Le chef du Parti libéral du Québec, Pierre Arcand, considère que le gouvernement Legault «se vante de faire des deals», malgré des difficultés à s’entendre avec le fédéral.

Tramway: Arcand craint une chicane entre les villes du Québec

Parce que la CAQ tarde à régler le financement du tramway à Québec, le chef du PLQ Pierre Arcand croit que le gouvernement met la table pour une chicane entre les différentes villes du Québec.

«Je ne comprends pas que ça prenne autant de temps pour régler ce dossier-là», a pesté M. Arcand à l’étude des crédits du gouvernement mercredi soir. Selon lui, le premier ministre François Legault manque à ses responsabilités et «manque de volonté politique» pour faire avancer le projet de transport structurant à Québec. «Est-ce que vous souhaitez que les villes du Québec se chicanent entre elles?» a-t-il demandé.

M. Legault a répliqué qu’il ne s’agit pas d’une chicane, tout en jetant la pierre au gouvernement libéral à Ottawa et à l’ancien gouvernement libéral à Québec, dirigé par Philippe Couillard. «Tout ce dossier-là a été mal attaché par l’ancien gouvernement libéral et là, on est pris avec le problème», a soutenu M. Legault. Le premier ministre croit que le gouvernement de Philippe Couillard a été «irresponsable» d’annoncer «en grandes pompes» un projet de tramway à Québec alors que l’entente avec le fédéral n’était pas encore conclue. 

M. Legault dit «comprendre» la mairesse de Montréal Valérie Plante, qui s’est fait promettre de l’argent par le gouvernement fédéral pour du transport en commun dans sa ville, et qui ne veut pas que cette cagnotte soit redirigée vers à Québec. 

Pour Pierre Arcand, le gouvernement de la CAQ «se vante de faire des deals», mais il a de grandes difficultés à signer des ententes, «particulièrement avec le fédéral». 

Plus de souplesse

Dans une lettre datée du 8 mars que Le Soleil a pu lire, le sous-ministre canadien de l’Infrastructure et des Collectivités écrit à son homologue québécois pour l’informer de changements à l’enveloppe pour financer les projets de transport en commun de 5,2 milliards $. Ces changements visent à donner plus de souplesse aux provinces dans la réalisation de leurs projets prioritaires. 

La lettre indique que des fonds dédiés au transport en commun peuvent être transférés dans un autre programme immédiatement, plutôt qu’en 2021. Sauf que «les municipalités et les commissions de transport dont le financement sera transféré doivent attester qu’elles n’auront pas besoin de ce financement fédéral», d’ici 2028.
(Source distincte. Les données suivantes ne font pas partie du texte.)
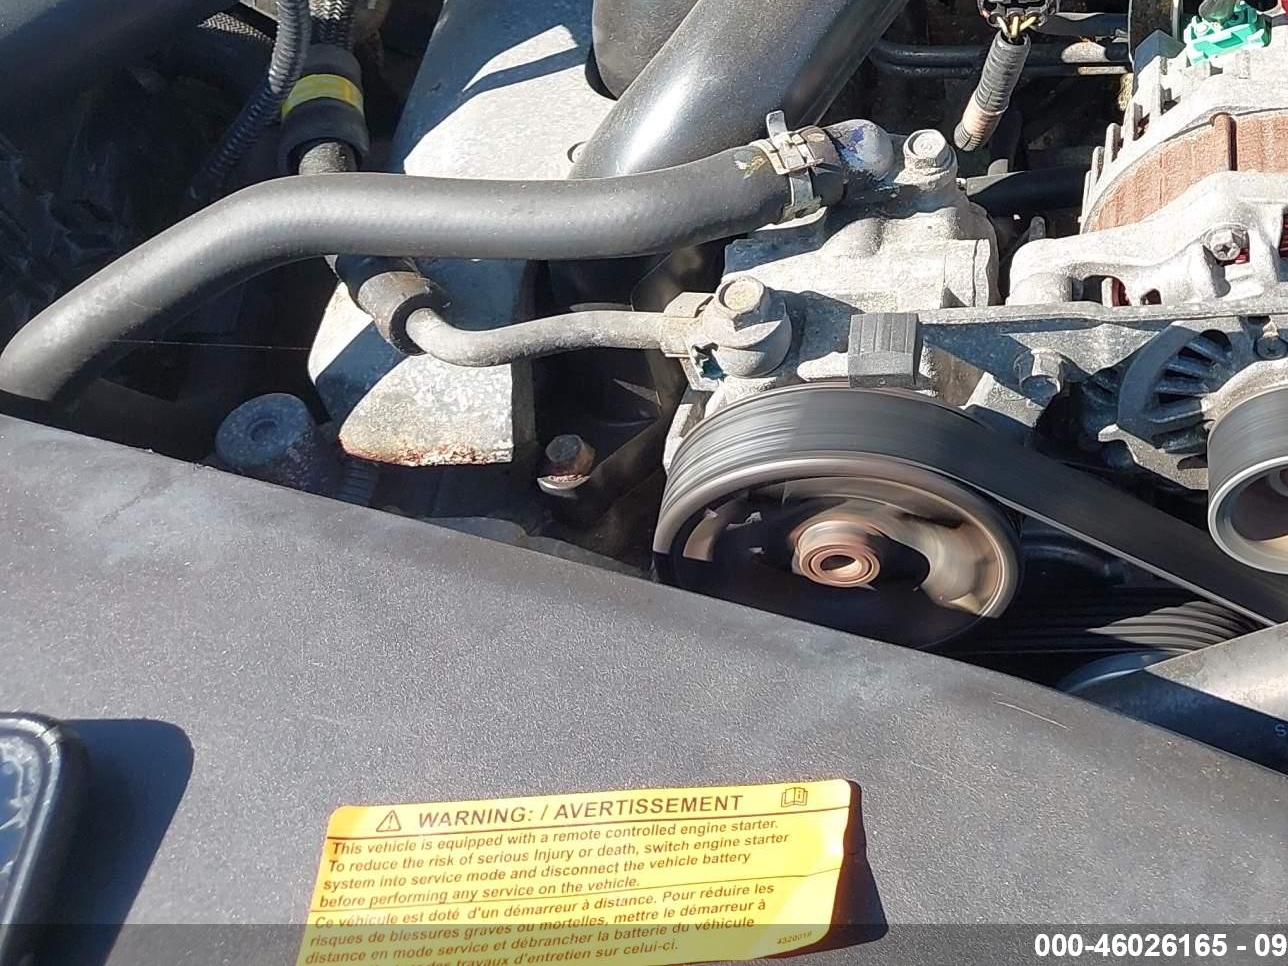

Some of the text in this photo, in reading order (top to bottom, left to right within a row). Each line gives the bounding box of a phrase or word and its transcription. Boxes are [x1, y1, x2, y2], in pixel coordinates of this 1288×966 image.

[418, 794, 744, 828] WARNING: / AVERTISSEMENT
[328, 833, 789, 872] To reduce the risk of serious Injury or death, switch engine starter
[331, 818, 779, 856] This vehicle is equipped with a remote controlled engine starter.
[323, 851, 751, 893] system into service mode and disconnect the vehicle battery
[315, 883, 775, 929] Ce véhicule est doté d'un démarreur à distance. Pour réduire les
[319, 877, 640, 909] before performing any service on the vehicle.
[305, 950, 367, 965] distance
[370, 949, 388, 960] en
[392, 945, 434, 959] mode
[437, 942, 489, 955] service
[493, 940, 508, 952] et
[511, 932, 592, 950] débrancher
[597, 930, 609, 943] la
[613, 924, 667, 940] batterie
[672, 923, 690, 937] du
[693, 916, 755, 932] véhicule
[310, 900, 766, 948] risques de blessures graves ou mortelles, mettre le démarreur à
[513, 946, 593, 965] d'entretien
[595, 946, 619, 959] sur
[622, 941, 679, 955] celui-ci.
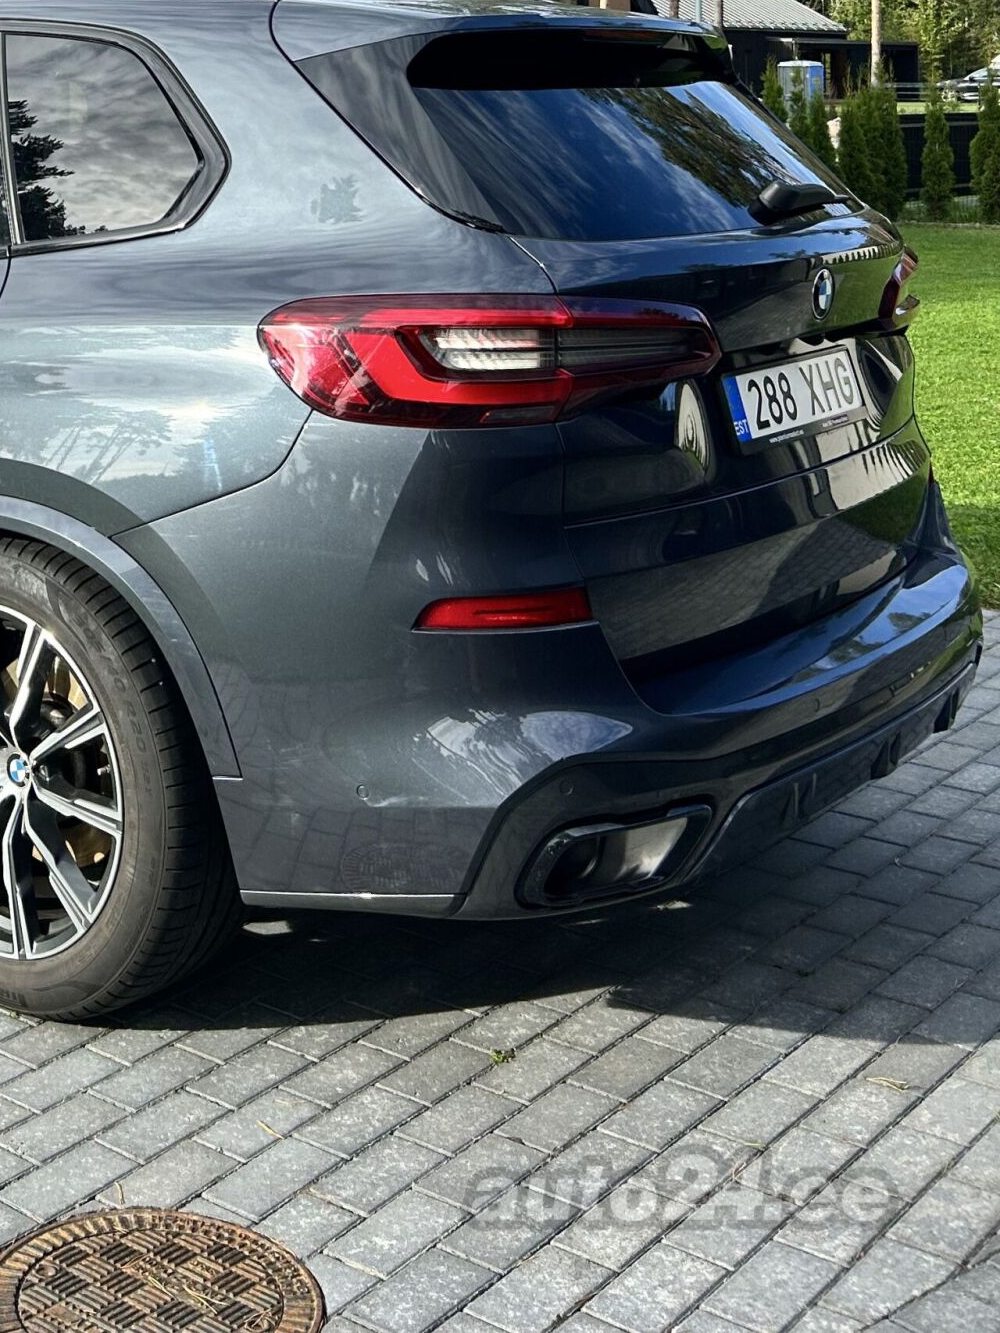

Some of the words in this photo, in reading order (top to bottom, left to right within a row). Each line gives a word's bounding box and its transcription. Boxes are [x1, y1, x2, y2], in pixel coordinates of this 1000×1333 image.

Il revient donc à la Ville de Montréal, qui obtient la part du lion de l’enveloppe de 5,2 milliards $, de donner son accord pour un transfert. La mairesse Plante a déjà fermé la porte à l’idée de laisser du financement fédéral pour le transport en commun lui filer entre les doigts.

Rencontre prévue 

Une rencontre est toutefois prévue jeudi à Montréal entre le président du Conseil du Trésor Christian Dubé et la mairesse de Montréal Valérie Plante pour discuter de cet enjeu. «Je pense que c’est une demande très claire du fédéral qu’on doit discuter avec Montréal pour voir s’il y a un terrain d’entente possible. J’ai beaucoup confiance en l’ouverture de la mairesse», a commenté M. Dubé mercredi. 

La ministre responsable de la Capitale-Nationale Geneviève Guilbault aurait quant à elle préféré que le fédéral accorde un vrai «pouvoir discrétionnaire» à son gouvernement d’utiliser la somme de 5,2 milliards $ comme il l’entend. À l’heure actuelle, il manque toujours 800 millions $ pour réaliser le projet de transport structurant de trois milliards $.